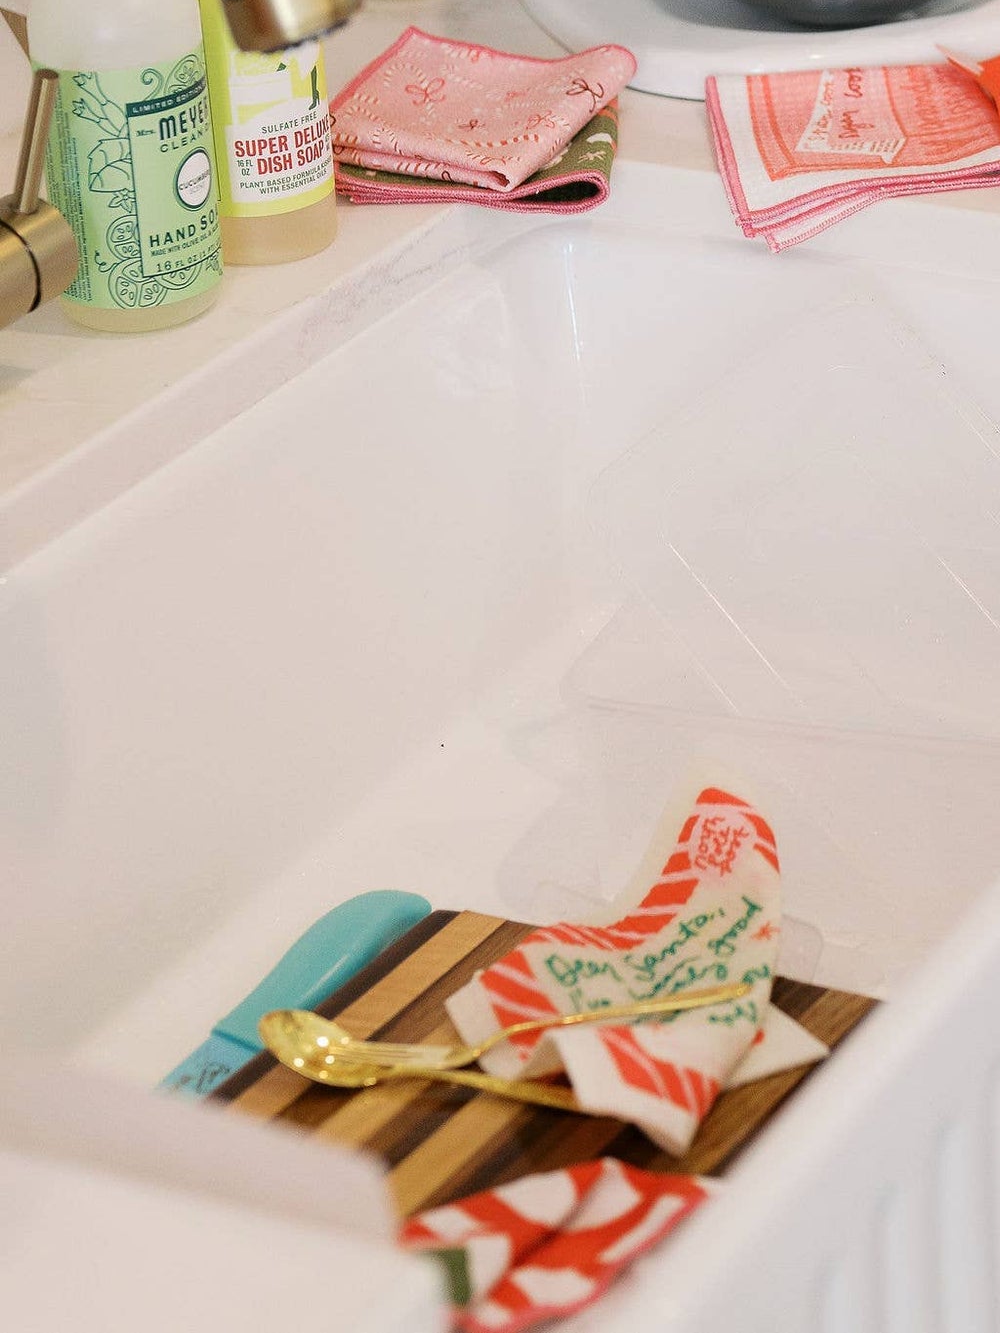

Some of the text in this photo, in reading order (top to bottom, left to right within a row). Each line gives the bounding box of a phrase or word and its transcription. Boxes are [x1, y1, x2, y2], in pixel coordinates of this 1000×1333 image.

[132, 98, 174, 113] LIMITED
[261, 111, 317, 135] SULFATE FREE
[160, 129, 203, 153] CLEAN
[234, 135, 289, 157] SUPER
[294, 114, 330, 148] DELUXE
[237, 159, 253, 168] 16 FL
[257, 153, 293, 175] DISH
[297, 139, 324, 166] SOAP
[240, 180, 264, 189] PLANT
[266, 176, 292, 186] BASED
[293, 165, 321, 181] FORMULA
[241, 168, 250, 176] OZ
[259, 186, 280, 194] WITH
[281, 176, 316, 191] ESSENTIAL
[149, 224, 196, 247] HAND
[156, 260, 172, 272] 16

· · ·

_Problem requirements_. When you copy the records above, keep every word exact but leave out the pictures.

_Answer to the exercise_.
Some of the text in this photo, in reading order (top to bottom, left to right within a row). Each line gives the bounding box of a phrase or word and its transcription. Boxes are [x1, y1, x2, y2], in pixel coordinates of this 1000×1333 image.

[132, 98, 174, 113] LIMITED
[261, 111, 317, 135] SULFATE FREE
[160, 129, 203, 153] CLEAN
[234, 135, 289, 157] SUPER
[294, 114, 330, 148] DELUXE
[237, 159, 253, 168] 16 FL
[257, 153, 293, 175] DISH
[297, 139, 324, 166] SOAP
[240, 180, 264, 189] PLANT
[266, 176, 292, 186] BASED
[293, 165, 321, 181] FORMULA
[241, 168, 250, 176] OZ
[259, 186, 280, 194] WITH
[281, 176, 316, 191] ESSENTIAL
[149, 224, 196, 247] HAND
[156, 260, 172, 272] 16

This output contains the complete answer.